Manufacturing PMI is compiled by IHS Markit from responses to questionnaires sent to purchasing managers in a panel of around 400 manufacturers. A diffusion index is calculated for each survey variable. The index is the sum of the percentage of ‘higher’ responses and half the percentage of ‘unchanged’ responses. The indices vary between 0 and 100, with a reading above 50 indicating an overall increase compared to the previous month, and below 50 an overall decrease. The headline PMI is a weighted average of the following five indices: New Orders (30 per cent), Output (25 per cent), Employment (20 per cent), Suppliers’ Delivery Times (15 per cent) and Stocks of Purchases (10 per cent).
Pollyanna De Lima, Economics Associate Director at IHS Markit, said the latest PMI results for the Indian manufacturing sector continued to point to an economy on the mend, as a supportive demand environment and firms’ efforts to rebuild safety stocks underpinned another sharp rise in production. It’s important to emphasise the broad-based nature of the recovery, with marked expansions in both sales and output noted across each of the three monitored sub-sectors.

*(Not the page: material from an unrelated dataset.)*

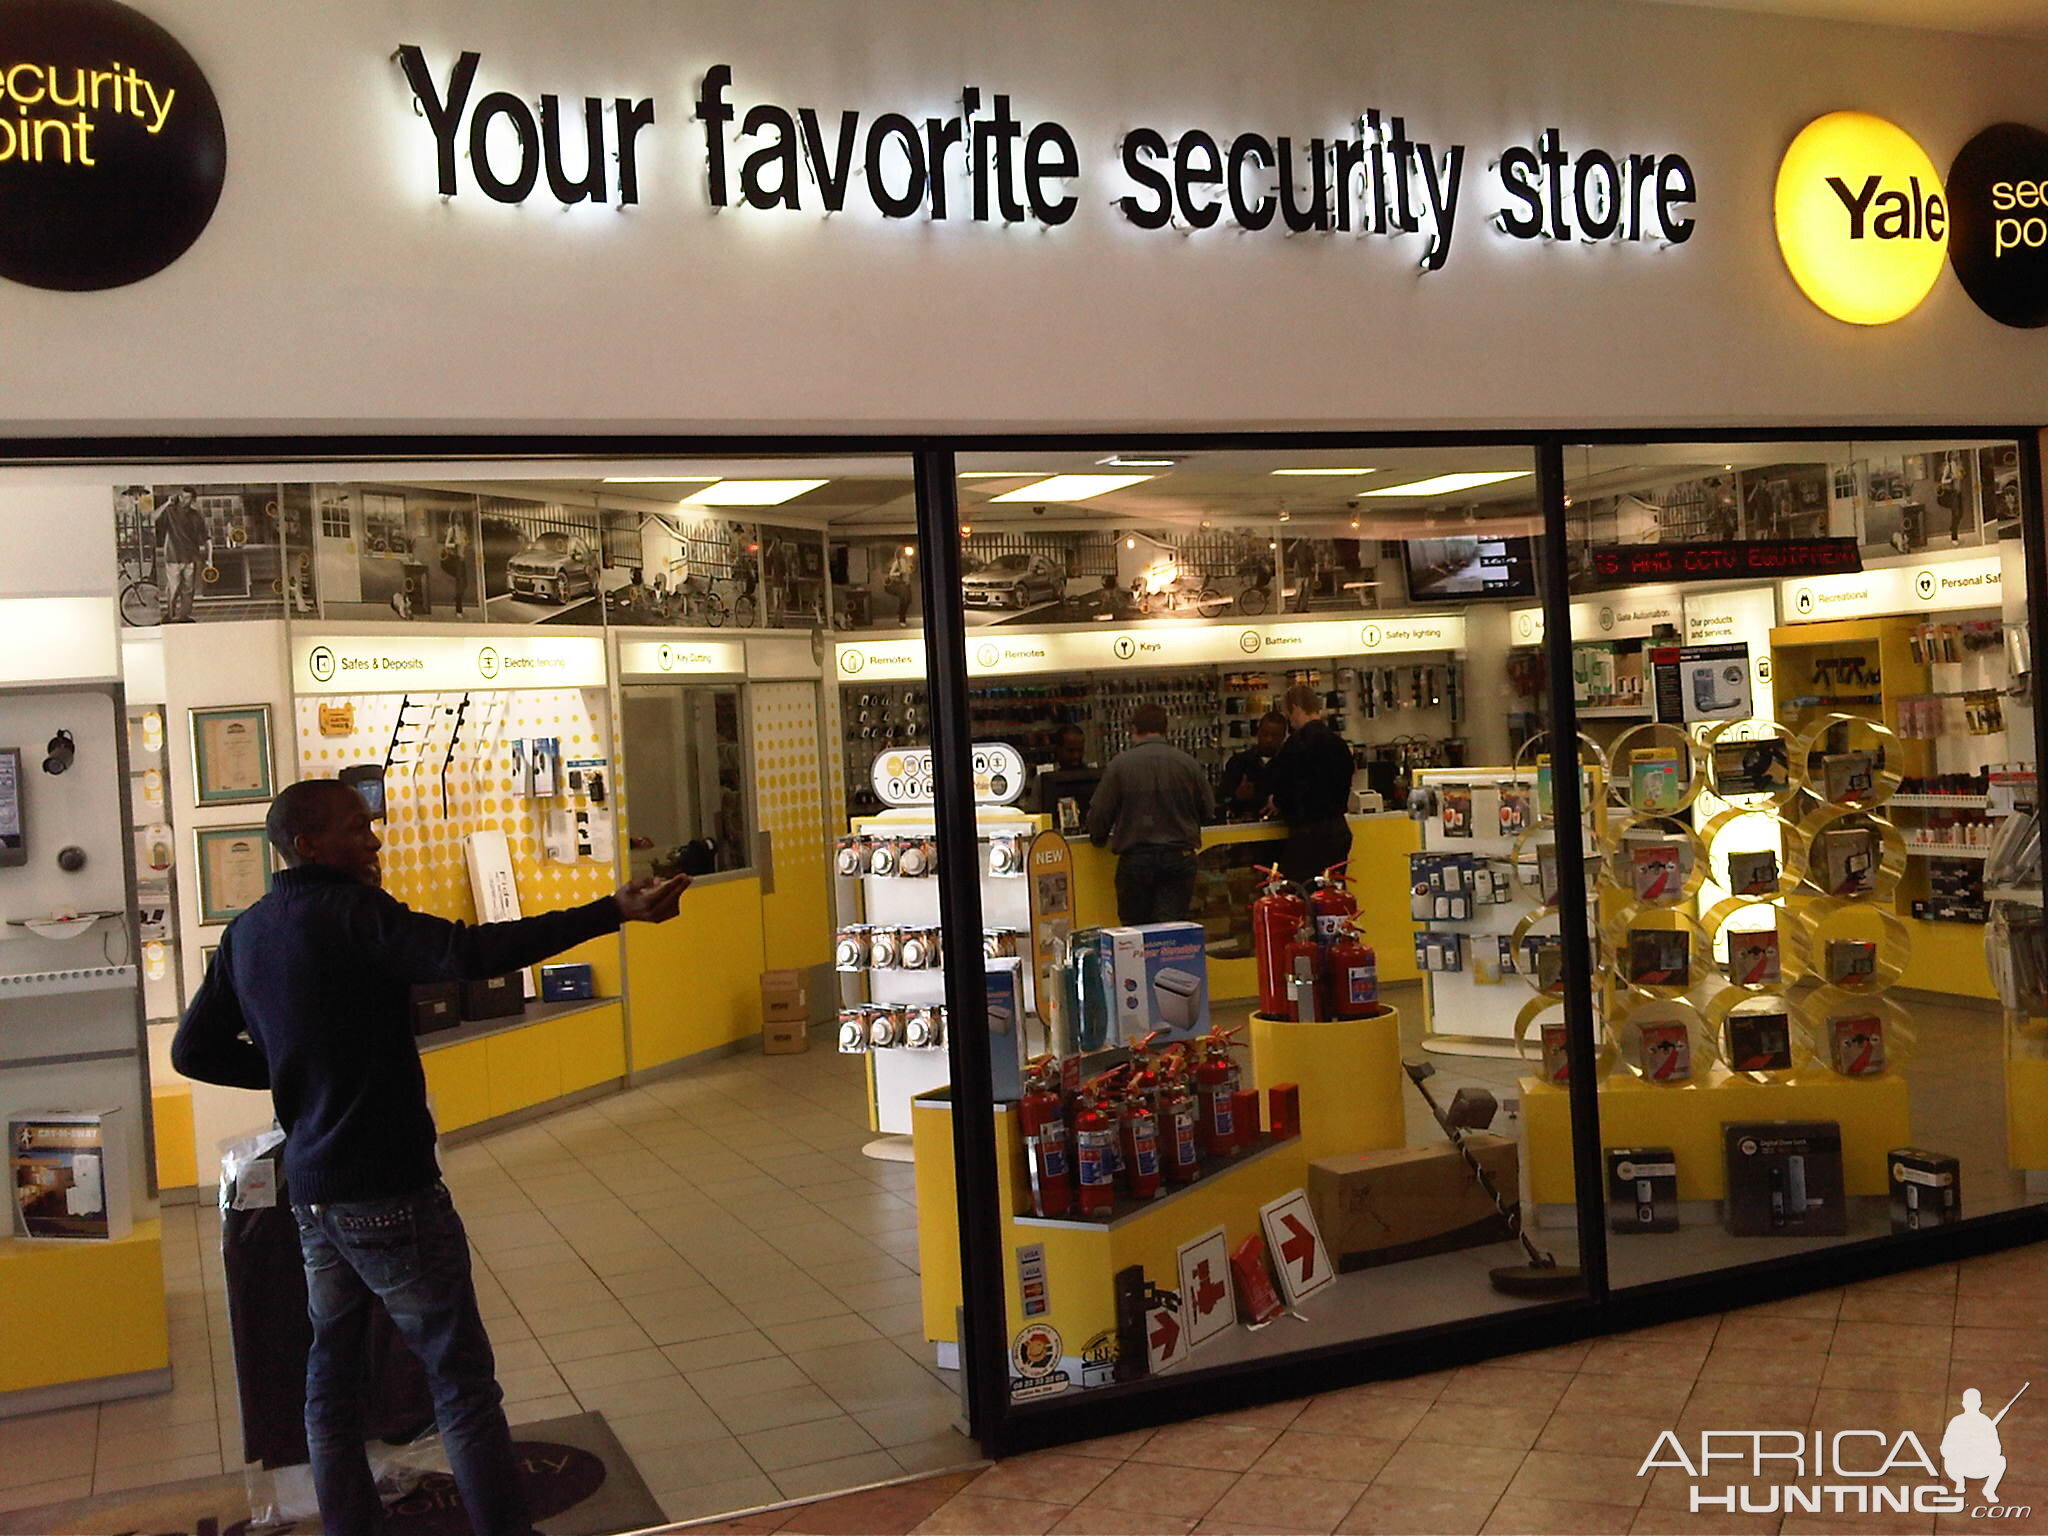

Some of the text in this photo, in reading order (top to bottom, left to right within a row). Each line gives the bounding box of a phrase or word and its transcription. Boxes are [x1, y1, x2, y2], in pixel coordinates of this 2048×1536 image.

“Once again, the survey brought the bad news of falling employment. However, the trend for jobs is at least moving in the right direction as the rate of contraction softened to the weakest in the current nine-month period of reduction,” she said.
Further, the latest available official data pointed to a 3.5 per cent annual increase in manufacturing production during October, when the PMI Output Index had strengthened considerably. In the two months since, growth lost some momentum and the official results are likely to show a similar pattern. But, “when we combine the latest three months, we see that the performance of the manufacturing industry for the third quarter of fiscal year 2020-21 was notably better than in the second quarter. The three-month PMI average rose from 51.6 to 57.2,” she said.
A report accompanying the survey result highlighted that employment decreased in December, thereby stretching the current sequence of job shedding to nine months. Companies stated that government guidelines to have employees working only on shifts and difficulties in finding suitable staff were the key factors causing the latest fall in payroll numbers. However, the pace of contraction was moderate and the weakest in the current downturn period.
Input cost inflation accelerated to a 26-month high in December, with panellists noting increased prices for chemicals, metals, plastics and textiles. Output charges were lifted in response to rising cost burdens, but here the rate of inflation was only marginal. Indian manufacturers maintained an upbeat view that output will increase in the coming year. However, the degree of optimism weakened to a four-month low as some firms were concerned about the lasting effect of the Covid-19 pandemic on the global economy.